== PROBLEM TO WORK ON ==
Every line of the data below is to be given again as it appears, with the images removed.

== DATA FOR ANALYSIS ==
┄┄┄┄┄┄┄┄┄┄
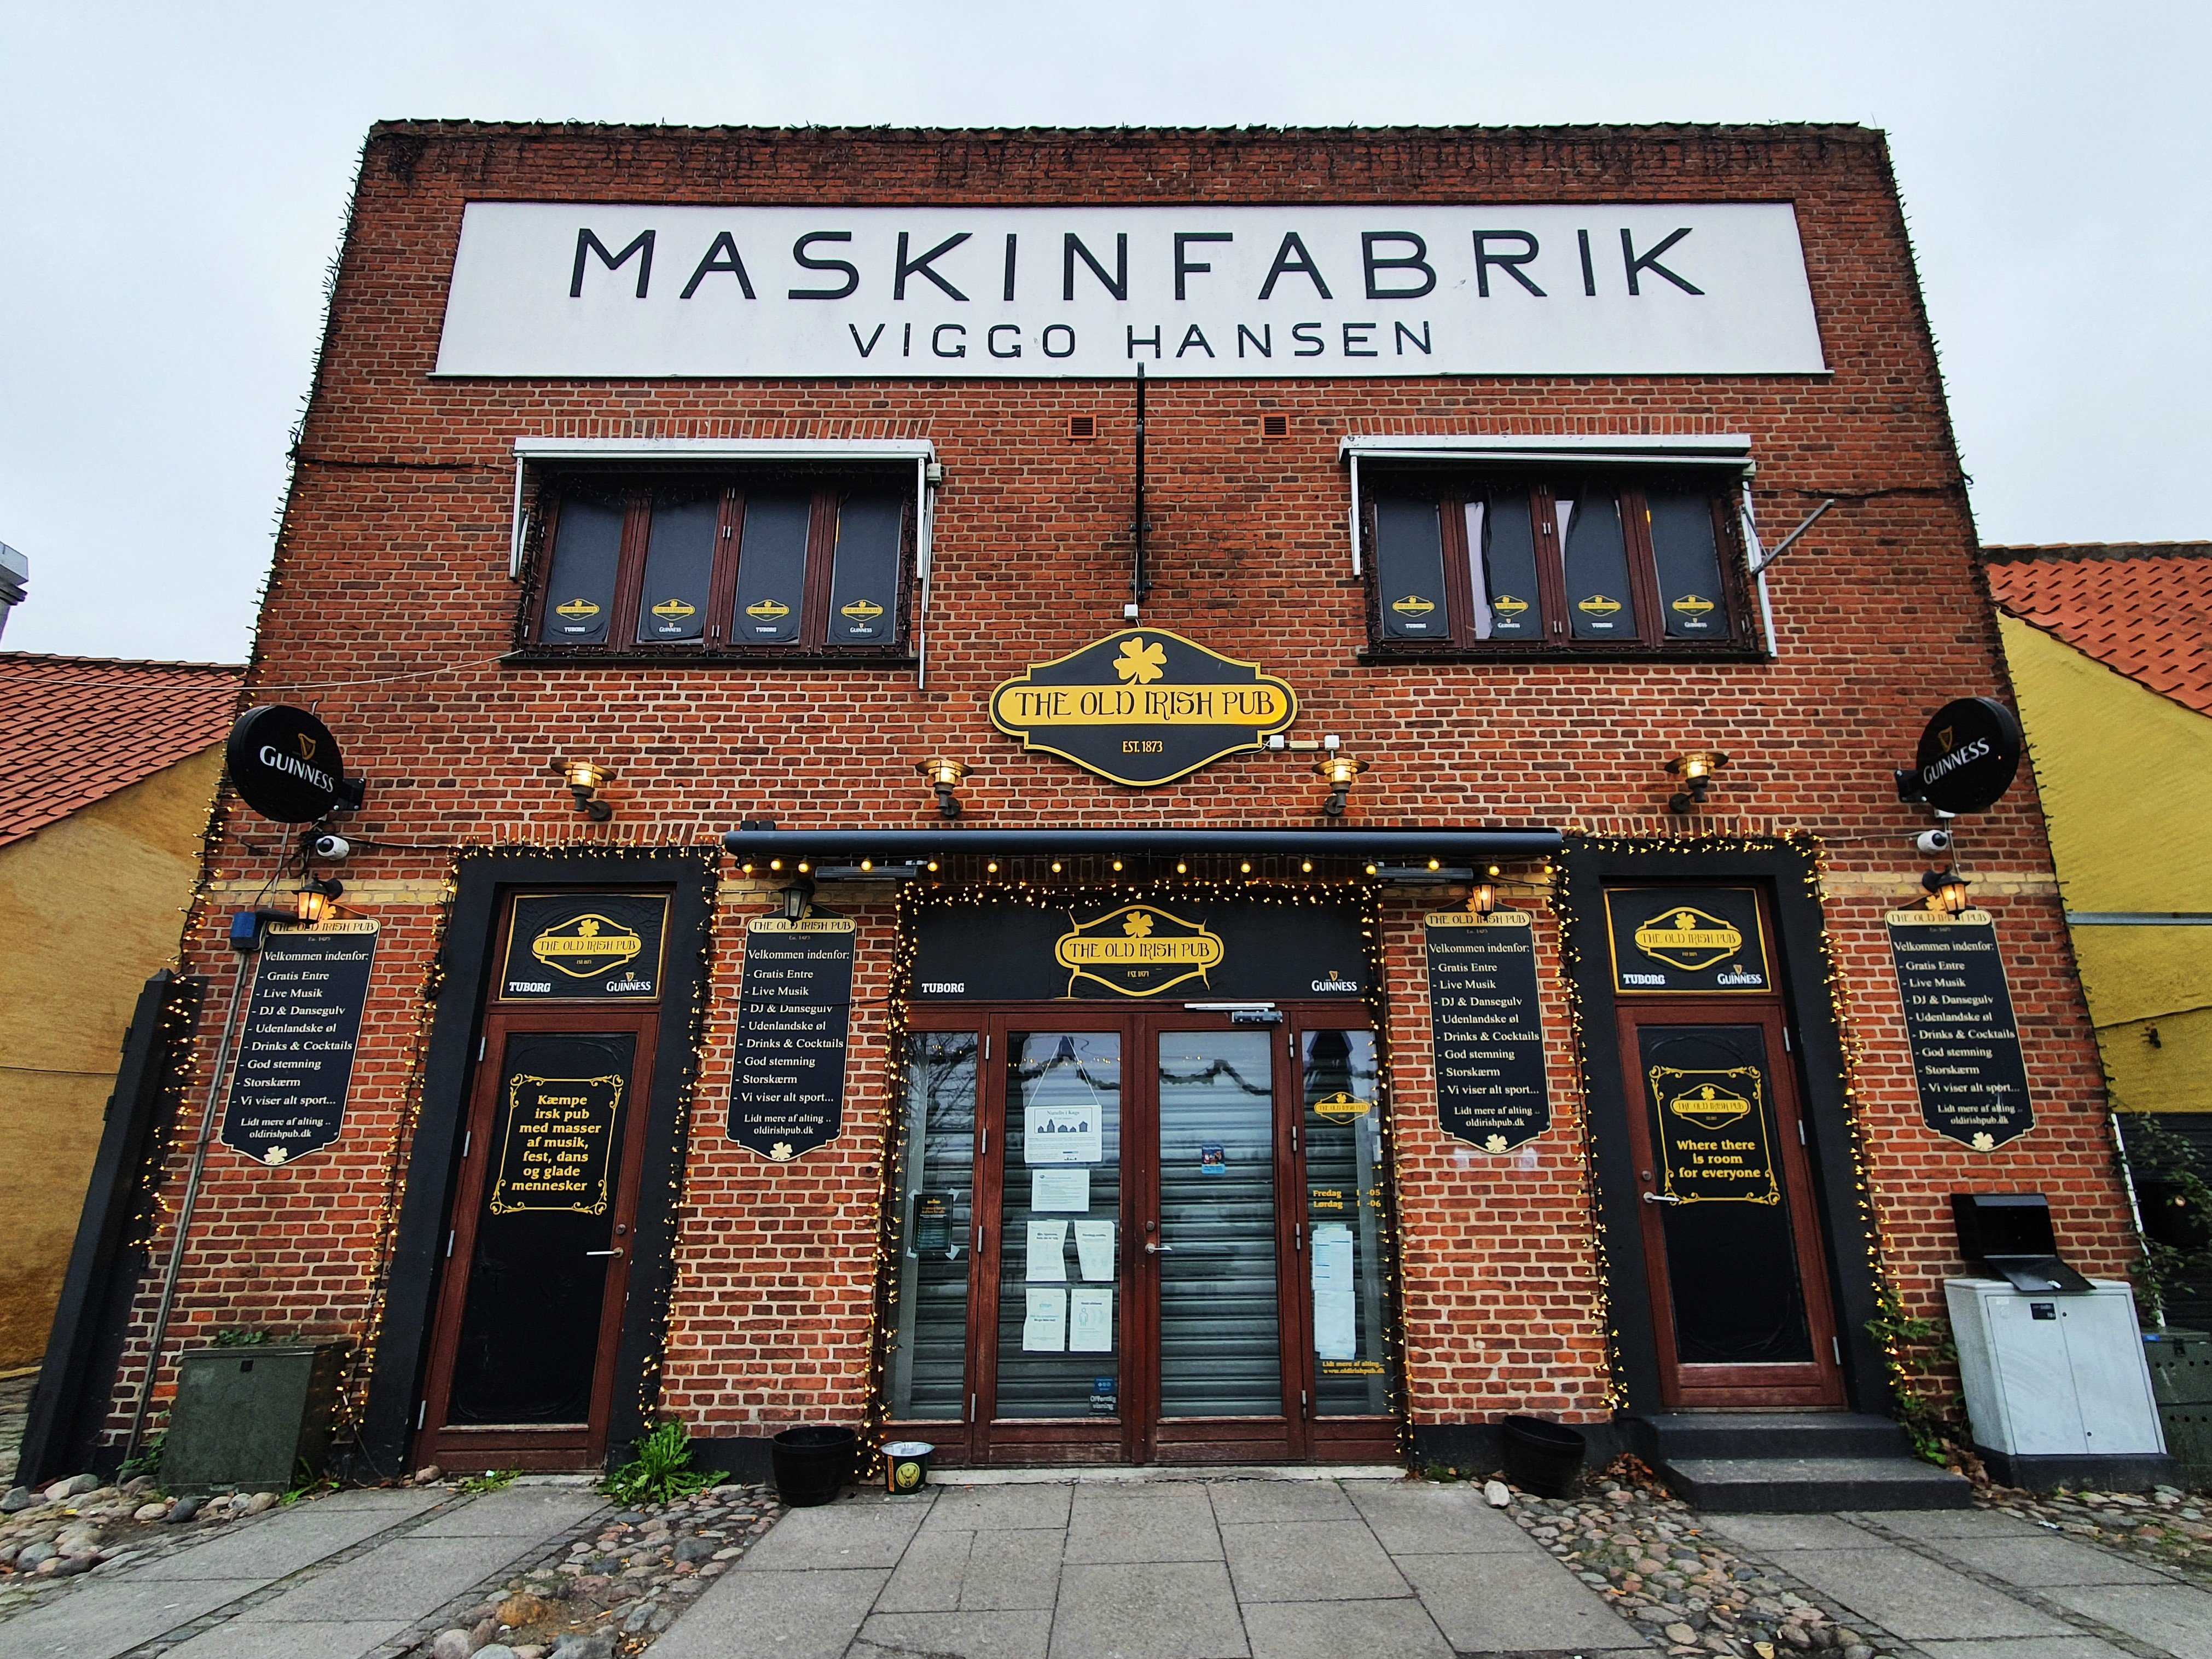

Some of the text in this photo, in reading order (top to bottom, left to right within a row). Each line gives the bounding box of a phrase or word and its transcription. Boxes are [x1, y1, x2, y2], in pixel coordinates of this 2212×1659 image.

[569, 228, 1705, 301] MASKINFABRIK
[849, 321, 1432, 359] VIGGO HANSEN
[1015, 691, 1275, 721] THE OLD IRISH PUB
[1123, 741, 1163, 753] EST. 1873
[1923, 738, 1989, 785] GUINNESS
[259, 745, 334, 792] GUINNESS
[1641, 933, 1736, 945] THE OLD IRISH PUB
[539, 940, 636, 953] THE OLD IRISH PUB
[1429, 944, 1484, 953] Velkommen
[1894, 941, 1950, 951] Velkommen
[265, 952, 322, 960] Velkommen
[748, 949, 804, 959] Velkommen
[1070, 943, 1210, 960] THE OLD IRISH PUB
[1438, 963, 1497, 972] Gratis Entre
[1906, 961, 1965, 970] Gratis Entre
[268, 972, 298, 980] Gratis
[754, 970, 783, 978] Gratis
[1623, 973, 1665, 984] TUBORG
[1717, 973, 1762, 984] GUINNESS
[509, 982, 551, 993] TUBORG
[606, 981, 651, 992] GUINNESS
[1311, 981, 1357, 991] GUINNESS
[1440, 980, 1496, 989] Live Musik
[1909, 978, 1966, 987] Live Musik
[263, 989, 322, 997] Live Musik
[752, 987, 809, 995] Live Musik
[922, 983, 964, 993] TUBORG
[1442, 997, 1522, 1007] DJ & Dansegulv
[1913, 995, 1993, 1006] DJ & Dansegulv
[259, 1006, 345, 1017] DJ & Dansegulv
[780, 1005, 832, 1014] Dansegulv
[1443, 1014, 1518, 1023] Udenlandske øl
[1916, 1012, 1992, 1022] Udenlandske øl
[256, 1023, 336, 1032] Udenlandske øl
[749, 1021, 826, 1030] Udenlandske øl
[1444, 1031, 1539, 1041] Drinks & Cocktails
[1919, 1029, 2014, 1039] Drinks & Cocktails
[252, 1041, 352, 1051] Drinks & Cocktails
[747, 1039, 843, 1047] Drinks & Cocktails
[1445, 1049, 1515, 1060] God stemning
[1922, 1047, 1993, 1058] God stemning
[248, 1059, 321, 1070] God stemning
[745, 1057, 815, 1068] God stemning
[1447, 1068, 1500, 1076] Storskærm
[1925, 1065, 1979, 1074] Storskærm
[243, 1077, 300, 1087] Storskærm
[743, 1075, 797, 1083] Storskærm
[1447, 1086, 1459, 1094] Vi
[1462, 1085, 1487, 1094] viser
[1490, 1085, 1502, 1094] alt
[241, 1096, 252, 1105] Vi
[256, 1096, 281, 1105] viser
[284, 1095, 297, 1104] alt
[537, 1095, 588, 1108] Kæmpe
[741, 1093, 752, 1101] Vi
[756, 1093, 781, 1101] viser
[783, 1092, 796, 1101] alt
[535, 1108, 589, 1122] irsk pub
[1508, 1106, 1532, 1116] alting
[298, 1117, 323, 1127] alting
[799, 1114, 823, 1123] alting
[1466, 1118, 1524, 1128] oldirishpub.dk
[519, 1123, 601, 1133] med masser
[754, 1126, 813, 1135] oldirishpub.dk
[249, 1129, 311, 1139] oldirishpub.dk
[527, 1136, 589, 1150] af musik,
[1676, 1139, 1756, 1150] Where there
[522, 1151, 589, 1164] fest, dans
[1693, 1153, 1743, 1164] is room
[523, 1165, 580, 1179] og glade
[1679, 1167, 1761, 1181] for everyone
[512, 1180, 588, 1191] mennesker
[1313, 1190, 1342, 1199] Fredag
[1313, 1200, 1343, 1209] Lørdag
┄┄┄┄┄┄┄┄┄┄
== SOLUTION FOR THIS TASK ==
Some of the text in this photo, in reading order (top to bottom, left to right within a row). Each line gives the bounding box of a phrase or word and its transcription. Boxes are [x1, y1, x2, y2], in pixel coordinates of this 2212×1659 image.

[569, 228, 1705, 301] MASKINFABRIK
[849, 321, 1432, 359] VIGGO HANSEN
[1015, 691, 1275, 721] THE OLD IRISH PUB
[1123, 741, 1163, 753] EST. 1873
[1923, 738, 1989, 785] GUINNESS
[259, 745, 334, 792] GUINNESS
[1641, 933, 1736, 945] THE OLD IRISH PUB
[539, 940, 636, 953] THE OLD IRISH PUB
[1429, 944, 1484, 953] Velkommen
[1894, 941, 1950, 951] Velkommen
[265, 952, 322, 960] Velkommen
[748, 949, 804, 959] Velkommen
[1070, 943, 1210, 960] THE OLD IRISH PUB
[1438, 963, 1497, 972] Gratis Entre
[1906, 961, 1965, 970] Gratis Entre
[268, 972, 298, 980] Gratis
[754, 970, 783, 978] Gratis
[1623, 973, 1665, 984] TUBORG
[1717, 973, 1762, 984] GUINNESS
[509, 982, 551, 993] TUBORG
[606, 981, 651, 992] GUINNESS
[1311, 981, 1357, 991] GUINNESS
[1440, 980, 1496, 989] Live Musik
[1909, 978, 1966, 987] Live Musik
[263, 989, 322, 997] Live Musik
[752, 987, 809, 995] Live Musik
[922, 983, 964, 993] TUBORG
[1442, 997, 1522, 1007] DJ & Dansegulv
[1913, 995, 1993, 1006] DJ & Dansegulv
[259, 1006, 345, 1017] DJ & Dansegulv
[780, 1005, 832, 1014] Dansegulv
[1443, 1014, 1518, 1023] Udenlandske øl
[1916, 1012, 1992, 1022] Udenlandske øl
[256, 1023, 336, 1032] Udenlandske øl
[749, 1021, 826, 1030] Udenlandske øl
[1444, 1031, 1539, 1041] Drinks & Cocktails
[1919, 1029, 2014, 1039] Drinks & Cocktails
[252, 1041, 352, 1051] Drinks & Cocktails
[747, 1039, 843, 1047] Drinks & Cocktails
[1445, 1049, 1515, 1060] God stemning
[1922, 1047, 1993, 1058] God stemning
[248, 1059, 321, 1070] God stemning
[745, 1057, 815, 1068] God stemning
[1447, 1068, 1500, 1076] Storskærm
[1925, 1065, 1979, 1074] Storskærm
[243, 1077, 300, 1087] Storskærm
[743, 1075, 797, 1083] Storskærm
[1447, 1086, 1459, 1094] Vi
[1462, 1085, 1487, 1094] viser
[1490, 1085, 1502, 1094] alt
[241, 1096, 252, 1105] Vi
[256, 1096, 281, 1105] viser
[284, 1095, 297, 1104] alt
[537, 1095, 588, 1108] Kæmpe
[741, 1093, 752, 1101] Vi
[756, 1093, 781, 1101] viser
[783, 1092, 796, 1101] alt
[535, 1108, 589, 1122] irsk pub
[1508, 1106, 1532, 1116] alting
[298, 1117, 323, 1127] alting
[799, 1114, 823, 1123] alting
[1466, 1118, 1524, 1128] oldirishpub.dk
[519, 1123, 601, 1133] med masser
[754, 1126, 813, 1135] oldirishpub.dk
[249, 1129, 311, 1139] oldirishpub.dk
[527, 1136, 589, 1150] af musik,
[1676, 1139, 1756, 1150] Where there
[522, 1151, 589, 1164] fest, dans
[1693, 1153, 1743, 1164] is room
[523, 1165, 580, 1179] og glade
[1679, 1167, 1761, 1181] for everyone
[512, 1180, 588, 1191] mennesker
[1313, 1190, 1342, 1199] Fredag
[1313, 1200, 1343, 1209] Lørdag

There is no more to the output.